= Description of the task =
The output is the line holding "this 1219×2576 image." and all lines after it to the end of the records below; restate them unchanged and add nothing.

= Provided material =
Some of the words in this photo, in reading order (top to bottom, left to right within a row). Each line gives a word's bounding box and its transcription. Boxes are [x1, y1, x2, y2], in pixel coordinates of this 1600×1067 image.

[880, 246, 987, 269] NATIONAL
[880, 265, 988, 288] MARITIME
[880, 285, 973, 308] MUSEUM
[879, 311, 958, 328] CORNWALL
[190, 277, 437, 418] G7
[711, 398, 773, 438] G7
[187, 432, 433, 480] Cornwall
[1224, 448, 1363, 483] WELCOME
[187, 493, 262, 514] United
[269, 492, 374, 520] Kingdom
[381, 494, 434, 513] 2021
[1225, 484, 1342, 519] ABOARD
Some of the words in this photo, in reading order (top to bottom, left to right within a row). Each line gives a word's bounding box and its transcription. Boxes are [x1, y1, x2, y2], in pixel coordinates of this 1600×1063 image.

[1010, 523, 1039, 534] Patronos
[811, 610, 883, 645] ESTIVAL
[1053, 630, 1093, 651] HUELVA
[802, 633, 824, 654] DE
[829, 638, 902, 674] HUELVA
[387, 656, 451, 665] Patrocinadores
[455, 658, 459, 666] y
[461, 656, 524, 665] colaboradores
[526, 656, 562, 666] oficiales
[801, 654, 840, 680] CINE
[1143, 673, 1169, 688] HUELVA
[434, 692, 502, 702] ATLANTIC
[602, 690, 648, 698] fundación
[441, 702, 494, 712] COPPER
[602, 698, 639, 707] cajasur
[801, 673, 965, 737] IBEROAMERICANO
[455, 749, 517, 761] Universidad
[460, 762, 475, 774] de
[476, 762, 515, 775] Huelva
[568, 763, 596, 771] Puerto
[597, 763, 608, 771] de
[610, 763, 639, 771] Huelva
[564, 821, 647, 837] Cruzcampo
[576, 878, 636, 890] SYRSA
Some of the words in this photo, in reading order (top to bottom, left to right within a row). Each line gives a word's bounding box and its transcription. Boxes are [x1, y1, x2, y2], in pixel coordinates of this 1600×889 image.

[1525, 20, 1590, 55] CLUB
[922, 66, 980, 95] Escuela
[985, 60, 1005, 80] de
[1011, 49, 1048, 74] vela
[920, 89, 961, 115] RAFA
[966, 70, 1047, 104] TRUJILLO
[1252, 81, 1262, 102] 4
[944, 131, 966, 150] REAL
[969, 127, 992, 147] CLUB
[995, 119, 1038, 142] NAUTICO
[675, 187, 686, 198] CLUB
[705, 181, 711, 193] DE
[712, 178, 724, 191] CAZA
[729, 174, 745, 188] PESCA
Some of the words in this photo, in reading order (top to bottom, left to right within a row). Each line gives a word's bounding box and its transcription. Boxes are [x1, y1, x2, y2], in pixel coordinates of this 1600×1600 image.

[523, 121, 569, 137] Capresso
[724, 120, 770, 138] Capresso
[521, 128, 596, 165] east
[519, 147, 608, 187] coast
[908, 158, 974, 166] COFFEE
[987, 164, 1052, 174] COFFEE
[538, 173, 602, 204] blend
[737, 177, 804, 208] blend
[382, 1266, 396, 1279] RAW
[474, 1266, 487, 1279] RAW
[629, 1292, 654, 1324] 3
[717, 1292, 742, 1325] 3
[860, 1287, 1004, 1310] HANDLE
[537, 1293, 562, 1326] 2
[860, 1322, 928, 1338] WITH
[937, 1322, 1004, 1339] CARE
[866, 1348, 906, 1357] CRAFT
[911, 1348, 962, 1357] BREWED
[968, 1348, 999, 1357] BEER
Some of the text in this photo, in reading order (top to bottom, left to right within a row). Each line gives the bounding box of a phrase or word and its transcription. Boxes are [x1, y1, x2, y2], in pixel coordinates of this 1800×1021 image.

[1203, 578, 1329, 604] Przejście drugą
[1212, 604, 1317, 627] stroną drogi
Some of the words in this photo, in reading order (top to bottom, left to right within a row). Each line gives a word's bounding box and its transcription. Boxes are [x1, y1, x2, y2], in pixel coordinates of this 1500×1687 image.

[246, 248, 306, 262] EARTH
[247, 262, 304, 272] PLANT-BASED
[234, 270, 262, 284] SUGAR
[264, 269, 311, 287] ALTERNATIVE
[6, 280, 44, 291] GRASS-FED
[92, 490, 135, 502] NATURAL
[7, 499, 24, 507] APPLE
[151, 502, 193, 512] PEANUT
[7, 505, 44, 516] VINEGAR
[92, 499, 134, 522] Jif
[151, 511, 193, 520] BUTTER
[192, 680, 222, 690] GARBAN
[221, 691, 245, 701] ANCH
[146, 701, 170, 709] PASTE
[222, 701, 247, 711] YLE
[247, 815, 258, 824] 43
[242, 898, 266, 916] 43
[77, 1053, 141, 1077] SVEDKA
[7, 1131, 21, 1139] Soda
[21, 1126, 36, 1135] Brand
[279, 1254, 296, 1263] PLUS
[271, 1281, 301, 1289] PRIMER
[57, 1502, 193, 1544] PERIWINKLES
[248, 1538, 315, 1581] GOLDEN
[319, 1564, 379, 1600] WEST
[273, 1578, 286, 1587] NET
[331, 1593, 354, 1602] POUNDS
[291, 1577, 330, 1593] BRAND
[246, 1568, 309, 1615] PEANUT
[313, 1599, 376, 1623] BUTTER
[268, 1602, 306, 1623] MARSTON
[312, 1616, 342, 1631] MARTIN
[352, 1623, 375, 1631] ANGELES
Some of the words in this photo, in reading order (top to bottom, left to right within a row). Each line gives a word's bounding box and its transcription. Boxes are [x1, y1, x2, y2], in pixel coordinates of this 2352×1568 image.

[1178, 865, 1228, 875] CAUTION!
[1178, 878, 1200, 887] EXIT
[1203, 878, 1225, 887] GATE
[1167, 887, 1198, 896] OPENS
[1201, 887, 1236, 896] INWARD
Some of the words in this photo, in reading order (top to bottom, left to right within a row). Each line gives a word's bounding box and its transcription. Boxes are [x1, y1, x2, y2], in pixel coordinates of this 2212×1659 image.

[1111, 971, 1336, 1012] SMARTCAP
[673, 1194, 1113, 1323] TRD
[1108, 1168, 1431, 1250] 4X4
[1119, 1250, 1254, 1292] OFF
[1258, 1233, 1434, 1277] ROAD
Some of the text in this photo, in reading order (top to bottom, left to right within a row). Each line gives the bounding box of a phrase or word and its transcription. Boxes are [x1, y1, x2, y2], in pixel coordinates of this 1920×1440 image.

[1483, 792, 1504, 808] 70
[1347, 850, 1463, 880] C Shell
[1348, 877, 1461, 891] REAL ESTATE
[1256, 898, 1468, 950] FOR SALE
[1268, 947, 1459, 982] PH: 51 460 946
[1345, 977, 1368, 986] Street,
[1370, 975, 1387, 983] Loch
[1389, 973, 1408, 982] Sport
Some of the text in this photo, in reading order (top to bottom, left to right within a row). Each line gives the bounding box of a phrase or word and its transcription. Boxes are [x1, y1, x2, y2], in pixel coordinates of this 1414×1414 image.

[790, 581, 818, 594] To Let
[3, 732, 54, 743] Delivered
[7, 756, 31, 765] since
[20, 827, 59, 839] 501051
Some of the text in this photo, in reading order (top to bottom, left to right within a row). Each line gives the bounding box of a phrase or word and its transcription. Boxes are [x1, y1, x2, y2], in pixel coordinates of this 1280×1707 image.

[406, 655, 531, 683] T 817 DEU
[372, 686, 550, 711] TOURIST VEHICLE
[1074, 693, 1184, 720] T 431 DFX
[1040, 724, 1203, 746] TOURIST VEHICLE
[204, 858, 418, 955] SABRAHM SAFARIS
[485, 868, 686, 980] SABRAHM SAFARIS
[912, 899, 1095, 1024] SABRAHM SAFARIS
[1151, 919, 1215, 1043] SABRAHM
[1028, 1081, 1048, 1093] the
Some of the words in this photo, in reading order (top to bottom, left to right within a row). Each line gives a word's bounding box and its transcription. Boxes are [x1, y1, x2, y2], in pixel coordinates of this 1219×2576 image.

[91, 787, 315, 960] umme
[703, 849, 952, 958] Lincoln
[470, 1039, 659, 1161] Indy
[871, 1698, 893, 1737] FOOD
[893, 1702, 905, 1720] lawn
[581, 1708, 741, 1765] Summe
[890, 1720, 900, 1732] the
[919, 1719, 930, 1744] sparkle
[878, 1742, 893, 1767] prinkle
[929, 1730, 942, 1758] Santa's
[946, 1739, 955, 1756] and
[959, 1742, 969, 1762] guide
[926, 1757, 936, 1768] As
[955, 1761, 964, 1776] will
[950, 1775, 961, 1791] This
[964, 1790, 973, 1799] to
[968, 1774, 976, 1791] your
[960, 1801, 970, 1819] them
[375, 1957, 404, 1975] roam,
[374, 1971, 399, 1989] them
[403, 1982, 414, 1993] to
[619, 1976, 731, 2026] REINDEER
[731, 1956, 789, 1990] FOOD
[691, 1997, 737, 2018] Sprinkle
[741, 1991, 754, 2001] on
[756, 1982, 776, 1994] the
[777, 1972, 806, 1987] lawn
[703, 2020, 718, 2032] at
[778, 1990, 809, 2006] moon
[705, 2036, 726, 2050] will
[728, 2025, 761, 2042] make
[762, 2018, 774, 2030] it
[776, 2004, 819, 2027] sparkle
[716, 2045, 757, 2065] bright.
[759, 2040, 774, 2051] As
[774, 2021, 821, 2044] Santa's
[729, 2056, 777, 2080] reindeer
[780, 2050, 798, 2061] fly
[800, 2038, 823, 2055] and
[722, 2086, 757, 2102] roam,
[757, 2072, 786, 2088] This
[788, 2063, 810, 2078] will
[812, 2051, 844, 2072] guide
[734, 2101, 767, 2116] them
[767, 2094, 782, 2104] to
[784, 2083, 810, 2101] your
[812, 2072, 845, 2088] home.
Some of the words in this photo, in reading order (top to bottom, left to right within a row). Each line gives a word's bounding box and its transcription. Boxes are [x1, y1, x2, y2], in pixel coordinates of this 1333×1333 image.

= Expected output =
Some of the words in this photo, in reading order (top to bottom, left to right within a row). Each line gives a word's bounding box and its transcription. Boxes are [x1, y1, x2, y2], in pixel coordinates of this 1219×2576 image.

[91, 787, 315, 960] umme
[703, 849, 952, 958] Lincoln
[470, 1039, 659, 1161] Indy
[871, 1698, 893, 1737] FOOD
[893, 1702, 905, 1720] lawn
[581, 1708, 741, 1765] Summe
[890, 1720, 900, 1732] the
[919, 1719, 930, 1744] sparkle
[878, 1742, 893, 1767] prinkle
[929, 1730, 942, 1758] Santa's
[946, 1739, 955, 1756] and
[959, 1742, 969, 1762] guide
[926, 1757, 936, 1768] As
[955, 1761, 964, 1776] will
[950, 1775, 961, 1791] This
[964, 1790, 973, 1799] to
[968, 1774, 976, 1791] your
[960, 1801, 970, 1819] them
[375, 1957, 404, 1975] roam,
[374, 1971, 399, 1989] them
[403, 1982, 414, 1993] to
[619, 1976, 731, 2026] REINDEER
[731, 1956, 789, 1990] FOOD
[691, 1997, 737, 2018] Sprinkle
[741, 1991, 754, 2001] on
[756, 1982, 776, 1994] the
[777, 1972, 806, 1987] lawn
[703, 2020, 718, 2032] at
[778, 1990, 809, 2006] moon
[705, 2036, 726, 2050] will
[728, 2025, 761, 2042] make
[762, 2018, 774, 2030] it
[776, 2004, 819, 2027] sparkle
[716, 2045, 757, 2065] bright.
[759, 2040, 774, 2051] As
[774, 2021, 821, 2044] Santa's
[729, 2056, 777, 2080] reindeer
[780, 2050, 798, 2061] fly
[800, 2038, 823, 2055] and
[722, 2086, 757, 2102] roam,
[757, 2072, 786, 2088] This
[788, 2063, 810, 2078] will
[812, 2051, 844, 2072] guide
[734, 2101, 767, 2116] them
[767, 2094, 782, 2104] to
[784, 2083, 810, 2101] your
[812, 2072, 845, 2088] home.
Some of the words in this photo, in reading order (top to bottom, left to right within a row). Each line gives a word's bounding box and its transcription. Boxes are [x1, y1, x2, y2], in pixel coordinates of this 1333×1333 image.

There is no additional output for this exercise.